November 11, 2025 by Henry Lin-David   |   Leave a Comment

Prediction, Inference and Overparameterization in Machine Learning: Guiding Intuition for Clinical AI
Jeffrey D. Blume, PhD
November 12, 2025

Machine learning models are the engines of AI and are increasingly applied in clinical practice, yet their goals and behavior often differ from traditional statistical models. This talk will develop intuition for how prediction, inference, and overparameterization interact; using simple examples to reveal when complex models help, and when they can mislead. We’ll discuss practical ways to evaluate and trust model outputs in clinical settings where interpretability and generalization matter most.

Learning objectives:

  1. Differentiate prediction from inference
  2. Recognize the implications of overparameterization in modern machine learning
  3. Integrate statistical reasoning into clinical evaluation of AI

To view previous Grand Rounds lectures, click here.
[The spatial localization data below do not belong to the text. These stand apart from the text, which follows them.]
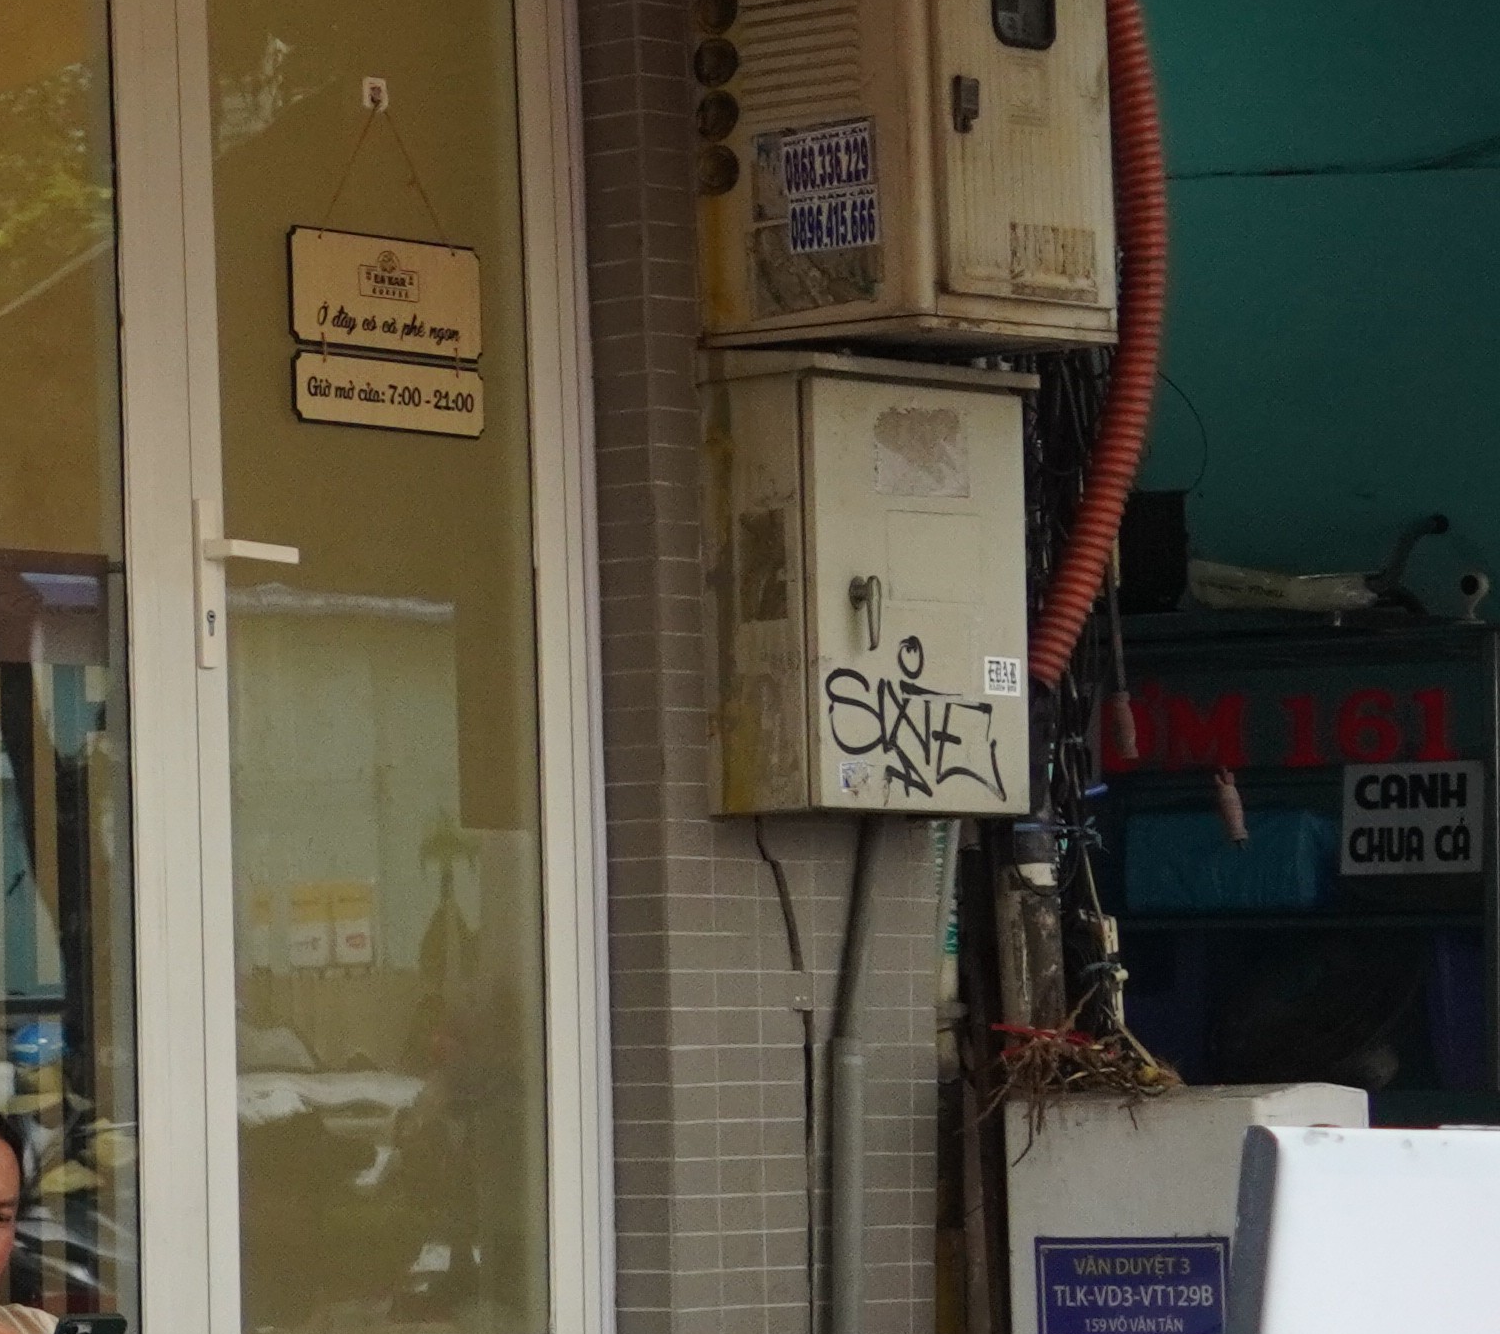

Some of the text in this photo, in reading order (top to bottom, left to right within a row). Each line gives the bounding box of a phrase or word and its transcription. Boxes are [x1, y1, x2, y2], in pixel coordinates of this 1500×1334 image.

[332, 305, 357, 337] đây
[401, 313, 426, 341] phê
[307, 375, 332, 399] Giờ
[334, 380, 355, 400] mở
[358, 382, 385, 404] cửa:
[388, 383, 422, 407] 7:00
[434, 389, 475, 413] 21:00
[1280, 688, 1458, 768] 161
[1354, 772, 1468, 811] CANH
[1349, 826, 1425, 863] CHUA
[1115, 1254, 1176, 1279] DUYỆT
[1180, 1258, 1191, 1275] 3
[1053, 1284, 1214, 1308] TLK-VD3-VT129B
[1084, 1317, 1107, 1333] 159
[1107, 1315, 1128, 1333] VÕ
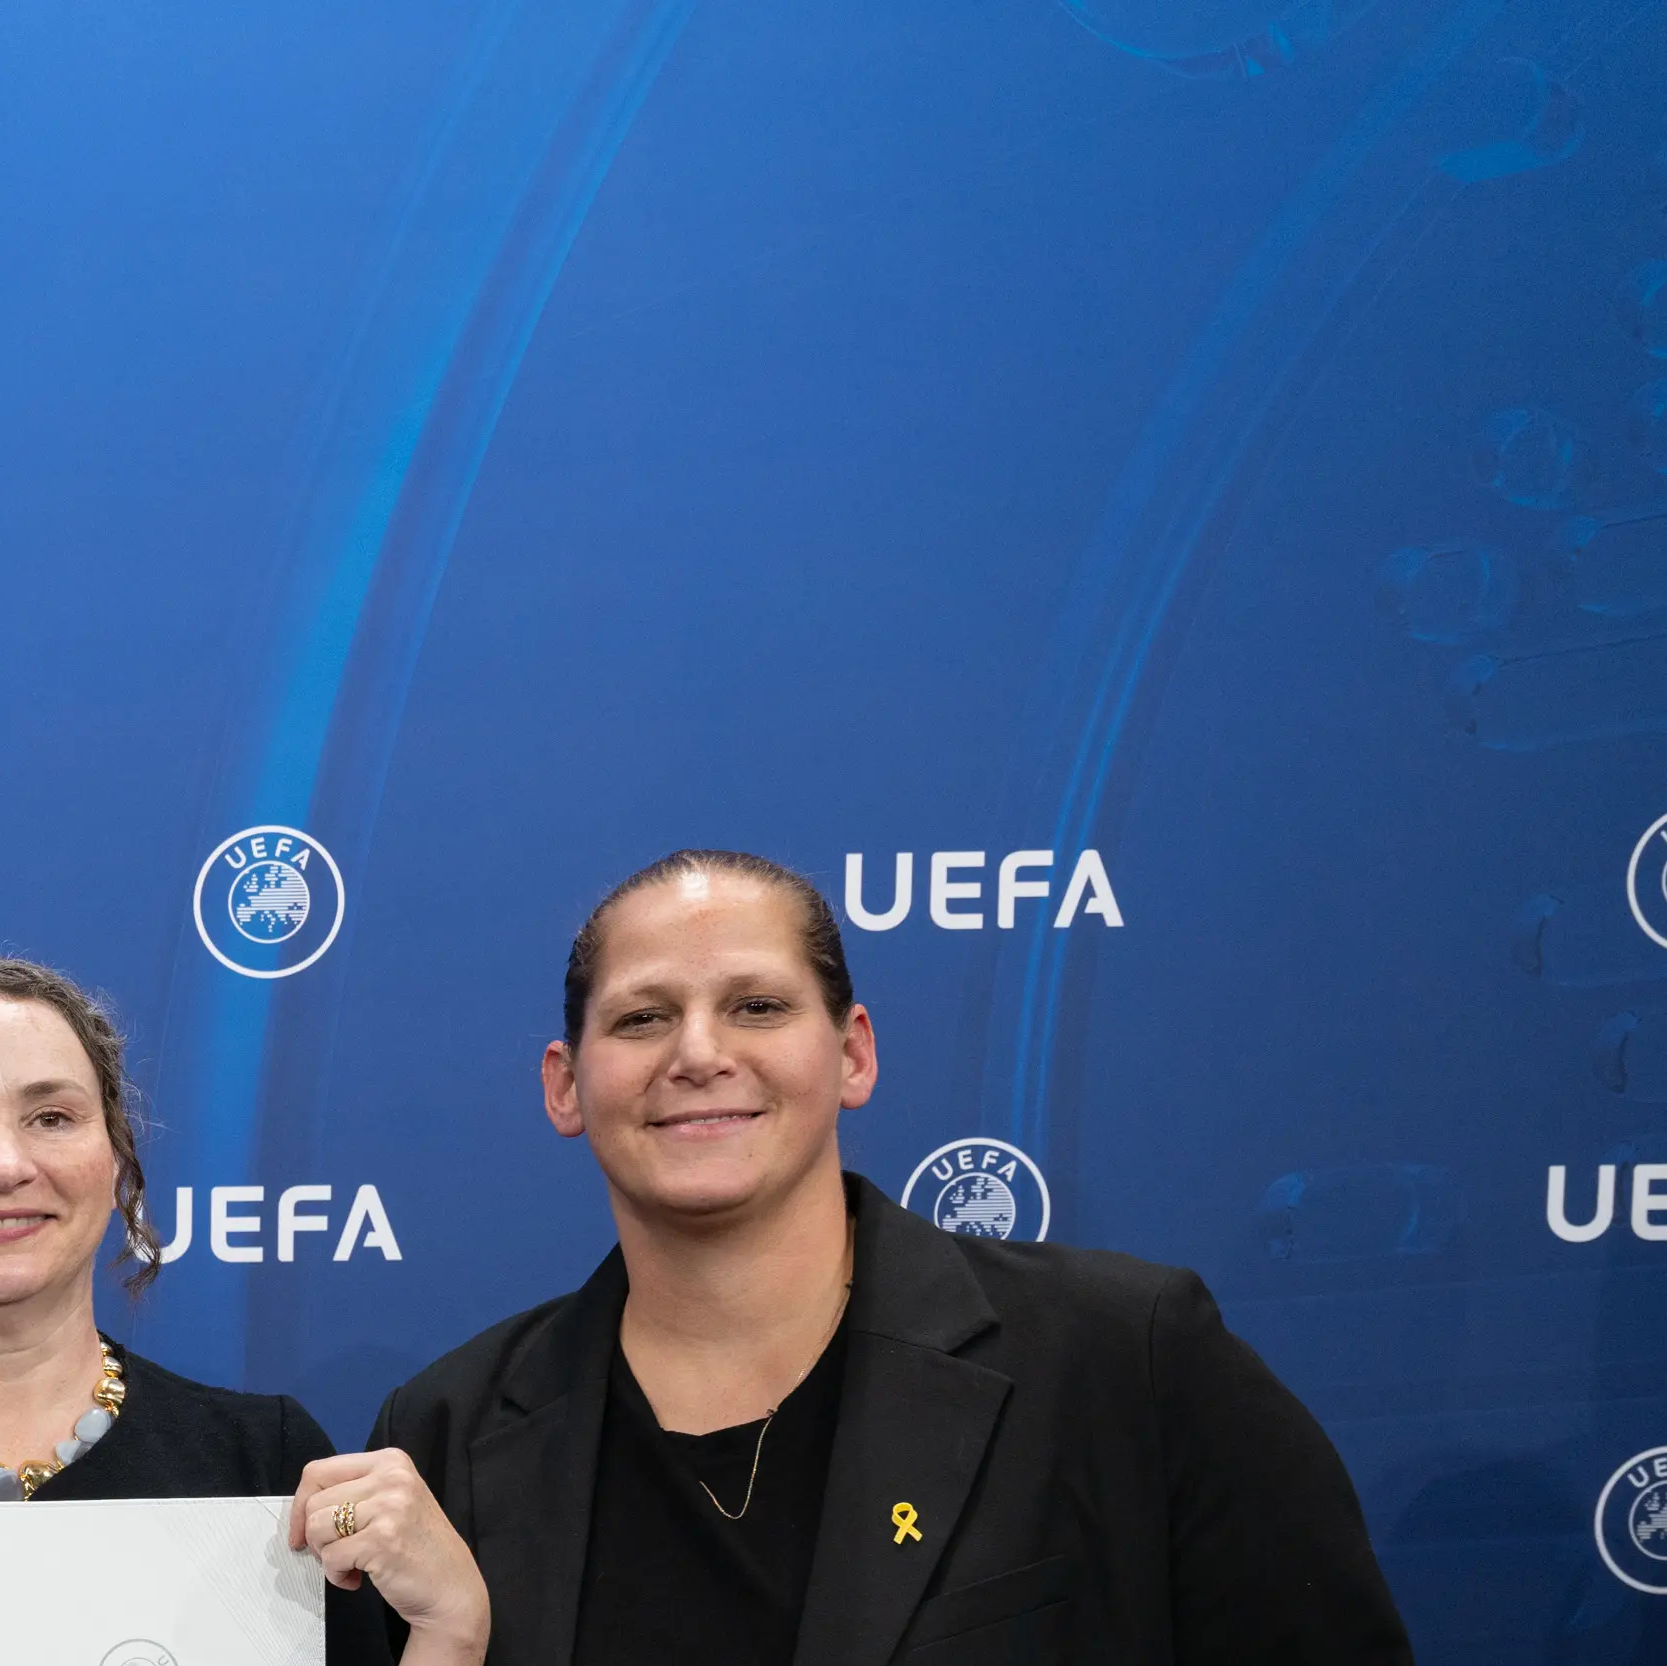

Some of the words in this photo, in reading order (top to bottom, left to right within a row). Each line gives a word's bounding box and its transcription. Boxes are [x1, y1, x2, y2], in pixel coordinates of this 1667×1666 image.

[224, 837, 310, 870] UEFA
[845, 849, 1124, 931] UEFA
[931, 1149, 1017, 1182] UEFA
[1547, 1163, 1667, 1243] UE
[1627, 1457, 1667, 1489] UE
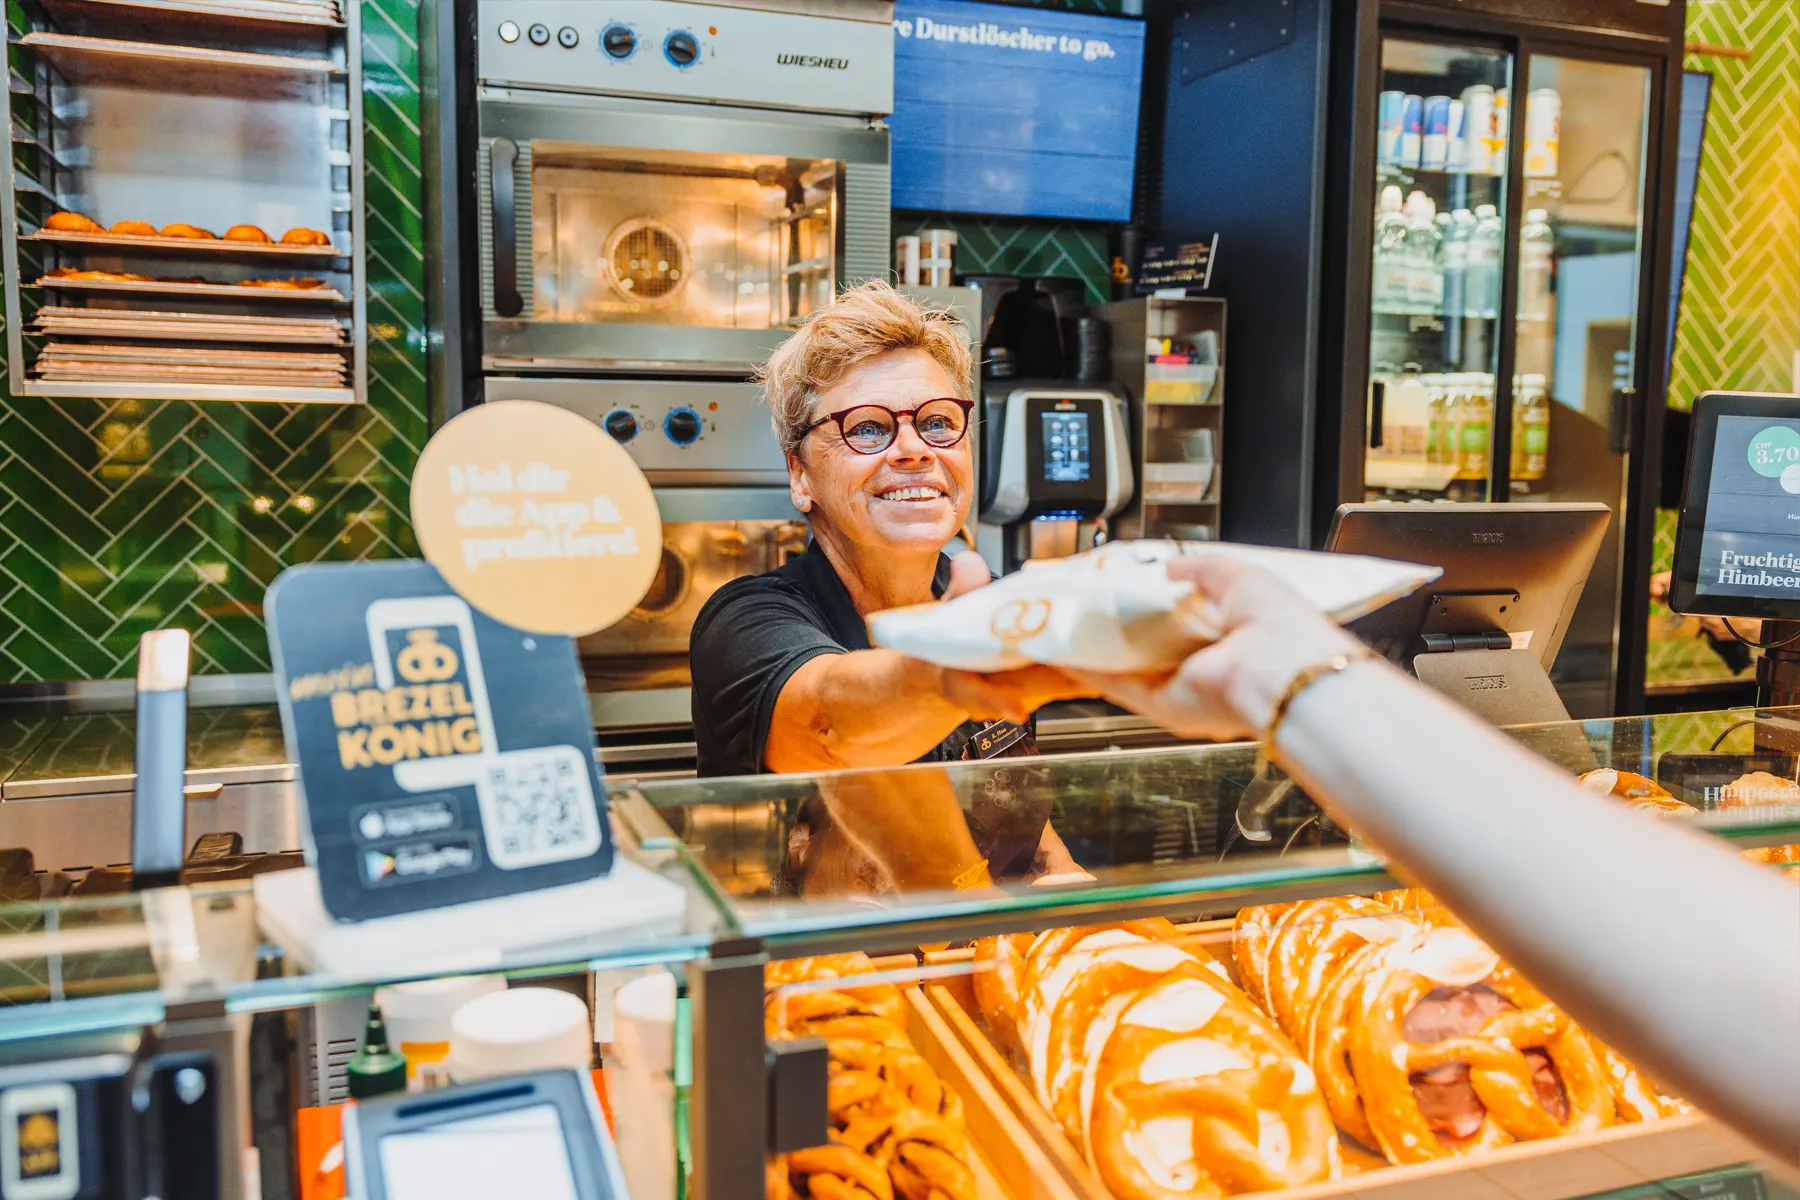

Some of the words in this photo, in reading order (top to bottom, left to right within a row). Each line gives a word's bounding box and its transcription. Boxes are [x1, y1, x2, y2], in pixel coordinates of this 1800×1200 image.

[916, 17, 1057, 52] Durstlöscher
[1059, 35, 1082, 54] to
[1083, 40, 1116, 61] go.
[777, 53, 849, 70] WIESHEU
[1755, 441, 1773, 450] CHF
[1757, 446, 1800, 465] 3.70
[455, 496, 514, 527] die
[519, 498, 590, 531] App
[331, 681, 473, 728] BREZEL
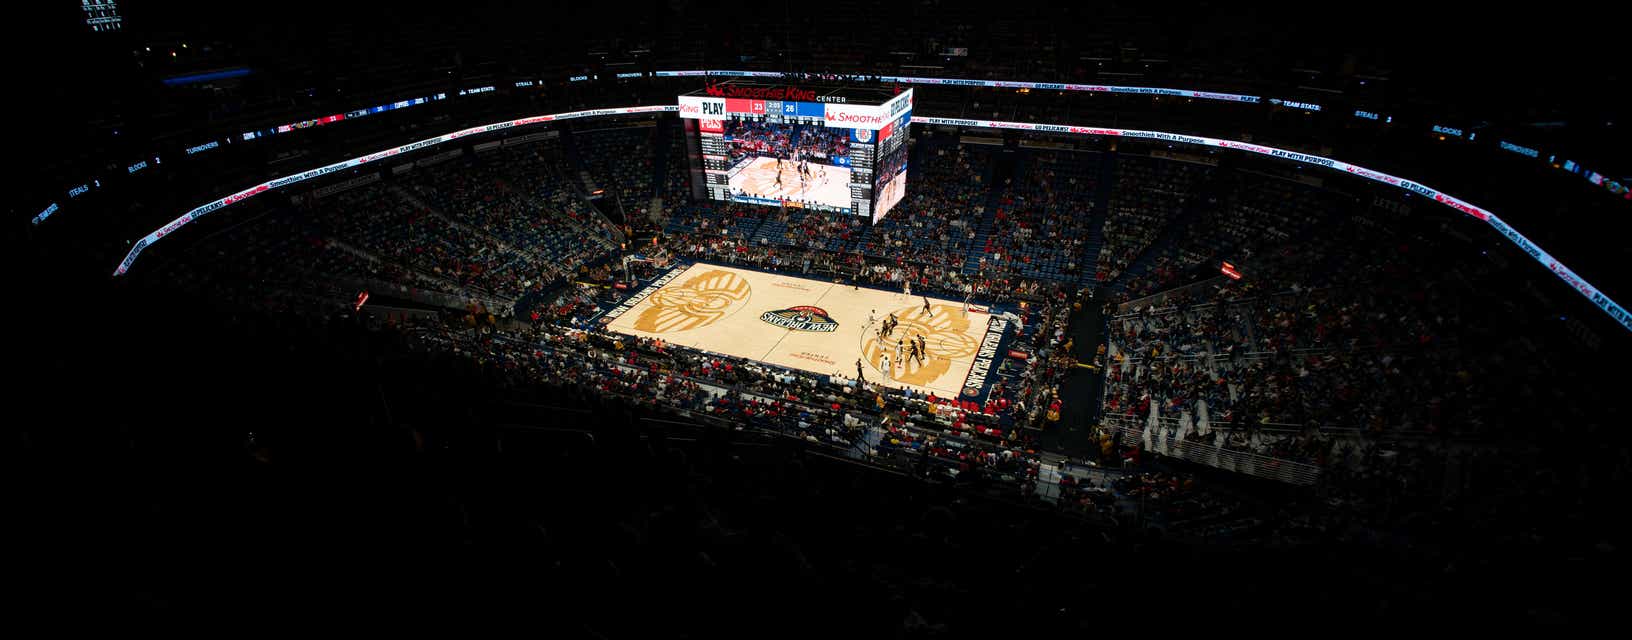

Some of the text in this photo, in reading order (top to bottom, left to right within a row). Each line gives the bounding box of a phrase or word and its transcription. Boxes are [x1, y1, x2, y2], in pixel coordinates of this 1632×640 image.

[786, 86, 816, 101] KING
[702, 102, 724, 115] PLAY
[754, 103, 763, 111] 23
[1287, 152, 1304, 160] WITH
[270, 175, 304, 188] Smoothies
[304, 170, 319, 179] With
[324, 163, 348, 174] Purpose
[762, 312, 837, 332] NEW ORLEANS
About the Lecturer — Jeffrey D. Blume, PhD

Dr. Jeffrey D. Blume is Professor of Data Science and Quantitative Foundation Associate Dean for Academics and Faculty Affairs at the University of Virginia School of Data Science. A biostatistician by training, he is a leading expert in likelihood‐based methods for measuring statistical evidence and the inventor of the second-generation p-value, a framework for improving statistical inference and reproducibility in data-rich settings. His research spans prediction modeling ­­– including methods for handling missing data, high-dimensional model selection and post-selection inference – mediation modeling, ROC analysis, and clinical trial design, particularly in diagnostic and imaging studies. Dr. Blume has served as lead statistician on numerous large-scale multisite trials and currently co-leads an NCI-funded project examining disparities in lung-cancer screening, for which he and his collaborators received Vanderbilt’s Chancellor’s Award for Research. He also served for more than a decade on the faculty of the Radiological Society of North America’s (RSNA’s) Clinical Trials Methodology Workshop (CTMW), including five years as its co-leader. His collaborative experience spans radiology, nephrology, women’s health, and neuroscience, including service on multiple data safety monitoring boards. As Director of the PRISM Lab (“Prediction, Inference, and Scale in Data Science Models”), Dr. Blume mentors PhD students developing novel tools to bridge methodological innovation with applied biomedical research. A Fellow of the American Statistical Association and the American Association for the Advancement of Science, he was also awarded the Spinoza Chair in Medicine by the University of Amsterdam in 2019.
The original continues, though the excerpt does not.